**Work task:** Your copy should repeat the data that follows exactly and contain no image.

**Data records:**
[Start of Attachment]

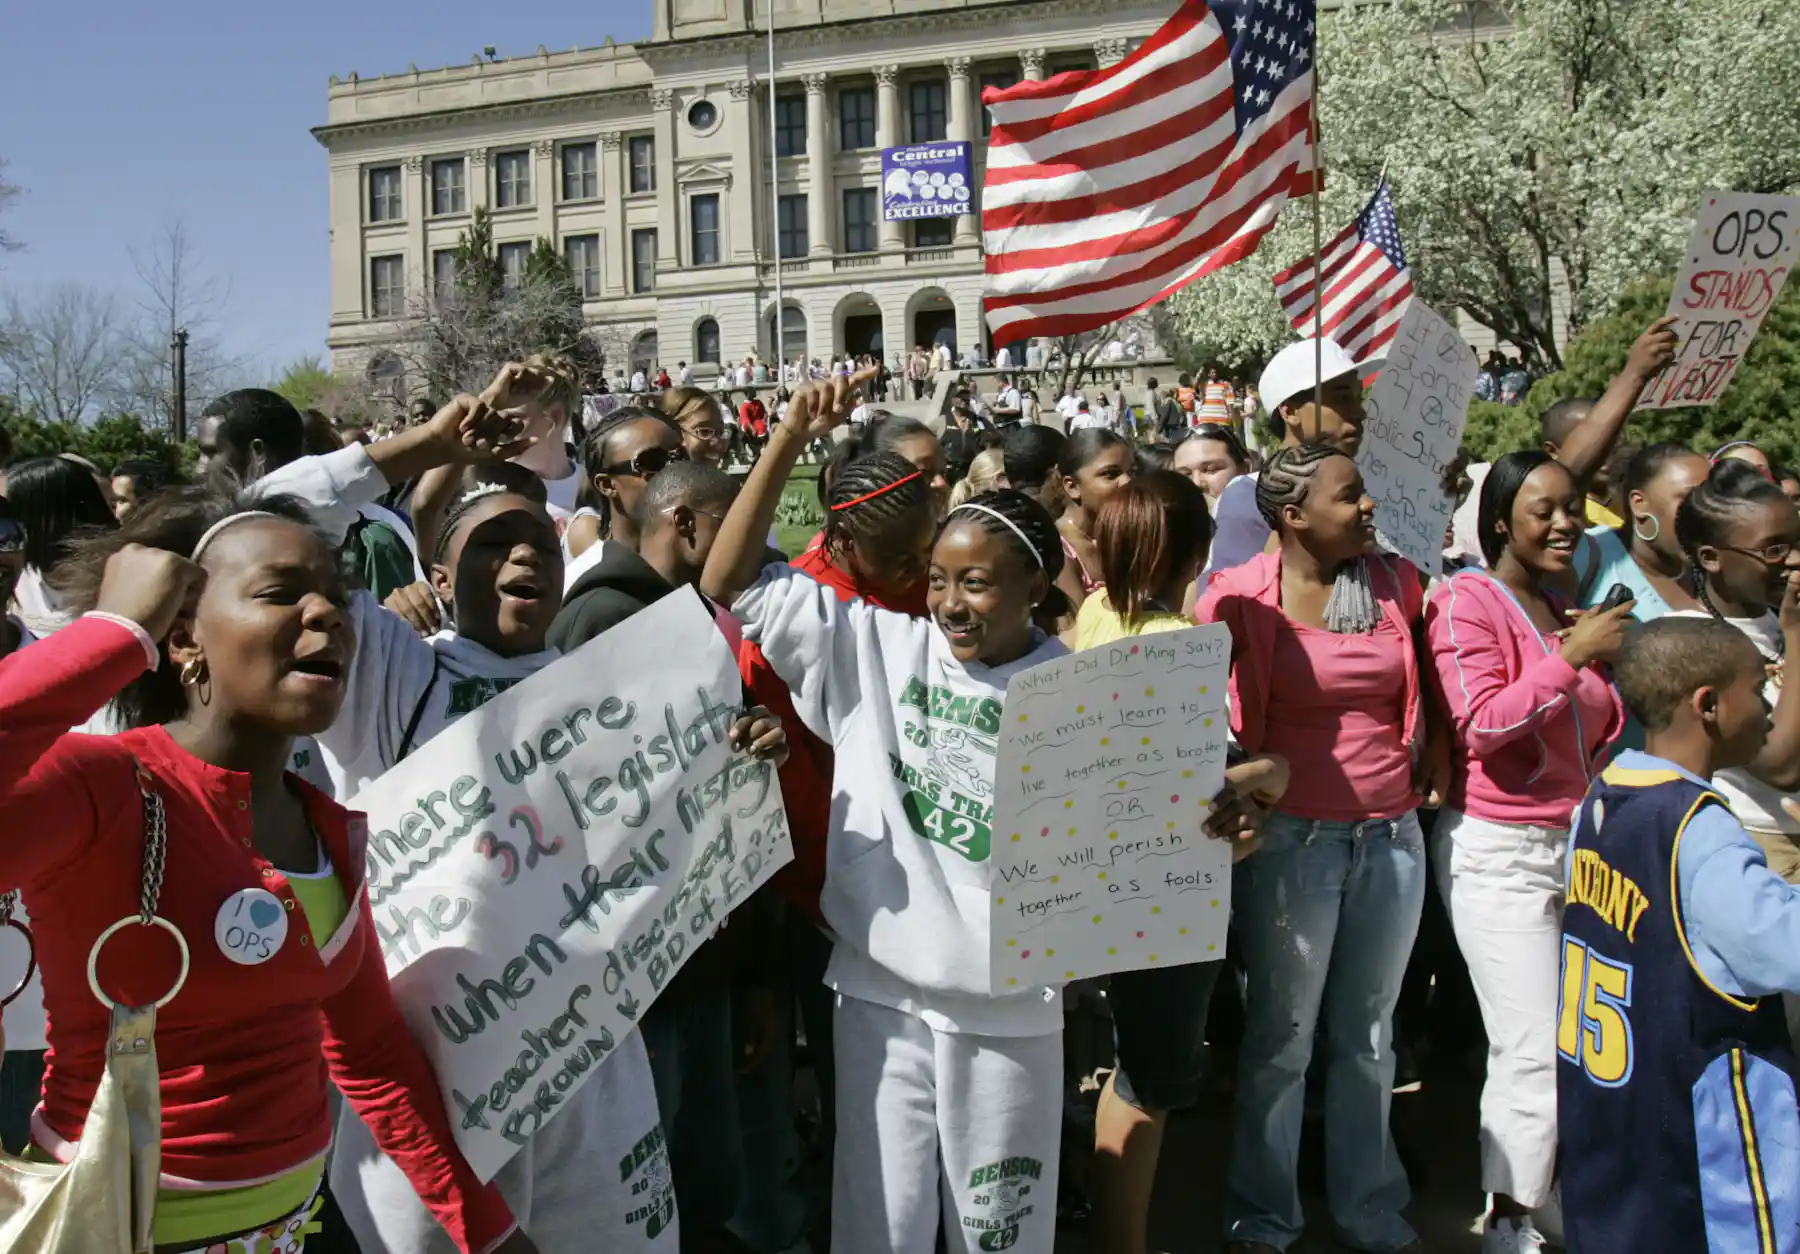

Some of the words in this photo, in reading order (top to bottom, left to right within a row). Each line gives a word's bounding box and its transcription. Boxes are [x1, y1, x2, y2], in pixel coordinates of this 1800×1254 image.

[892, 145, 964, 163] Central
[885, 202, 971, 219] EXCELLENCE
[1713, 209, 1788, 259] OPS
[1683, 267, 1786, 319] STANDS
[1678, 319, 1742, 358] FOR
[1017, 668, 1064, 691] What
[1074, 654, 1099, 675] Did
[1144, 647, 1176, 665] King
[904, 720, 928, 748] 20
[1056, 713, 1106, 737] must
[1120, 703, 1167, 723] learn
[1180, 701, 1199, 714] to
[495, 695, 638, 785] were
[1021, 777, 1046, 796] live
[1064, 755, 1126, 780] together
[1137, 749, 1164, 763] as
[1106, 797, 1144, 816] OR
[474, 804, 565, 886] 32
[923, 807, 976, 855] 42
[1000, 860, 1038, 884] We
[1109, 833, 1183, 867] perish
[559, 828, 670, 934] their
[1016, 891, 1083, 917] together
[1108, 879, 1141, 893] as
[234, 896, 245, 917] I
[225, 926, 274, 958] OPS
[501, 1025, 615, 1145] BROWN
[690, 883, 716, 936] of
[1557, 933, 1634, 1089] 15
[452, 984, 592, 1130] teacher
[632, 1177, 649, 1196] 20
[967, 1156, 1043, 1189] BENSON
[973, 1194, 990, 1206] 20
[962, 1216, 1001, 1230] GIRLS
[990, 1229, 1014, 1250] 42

[End of Attachment]

**Reply:**
Some of the words in this photo, in reading order (top to bottom, left to right within a row). Each line gives a word's bounding box and its transcription. Boxes are [x1, y1, x2, y2], in pixel coordinates of this 1800×1254 image.

[892, 145, 964, 163] Central
[885, 202, 971, 219] EXCELLENCE
[1713, 209, 1788, 259] OPS
[1683, 267, 1786, 319] STANDS
[1678, 319, 1742, 358] FOR
[1017, 668, 1064, 691] What
[1074, 654, 1099, 675] Did
[1144, 647, 1176, 665] King
[904, 720, 928, 748] 20
[1056, 713, 1106, 737] must
[1120, 703, 1167, 723] learn
[1180, 701, 1199, 714] to
[495, 695, 638, 785] were
[1021, 777, 1046, 796] live
[1064, 755, 1126, 780] together
[1137, 749, 1164, 763] as
[1106, 797, 1144, 816] OR
[474, 804, 565, 886] 32
[923, 807, 976, 855] 42
[1000, 860, 1038, 884] We
[1109, 833, 1183, 867] perish
[559, 828, 670, 934] their
[1016, 891, 1083, 917] together
[1108, 879, 1141, 893] as
[234, 896, 245, 917] I
[225, 926, 274, 958] OPS
[501, 1025, 615, 1145] BROWN
[690, 883, 716, 936] of
[1557, 933, 1634, 1089] 15
[452, 984, 592, 1130] teacher
[632, 1177, 649, 1196] 20
[967, 1156, 1043, 1189] BENSON
[973, 1194, 990, 1206] 20
[962, 1216, 1001, 1230] GIRLS
[990, 1229, 1014, 1250] 42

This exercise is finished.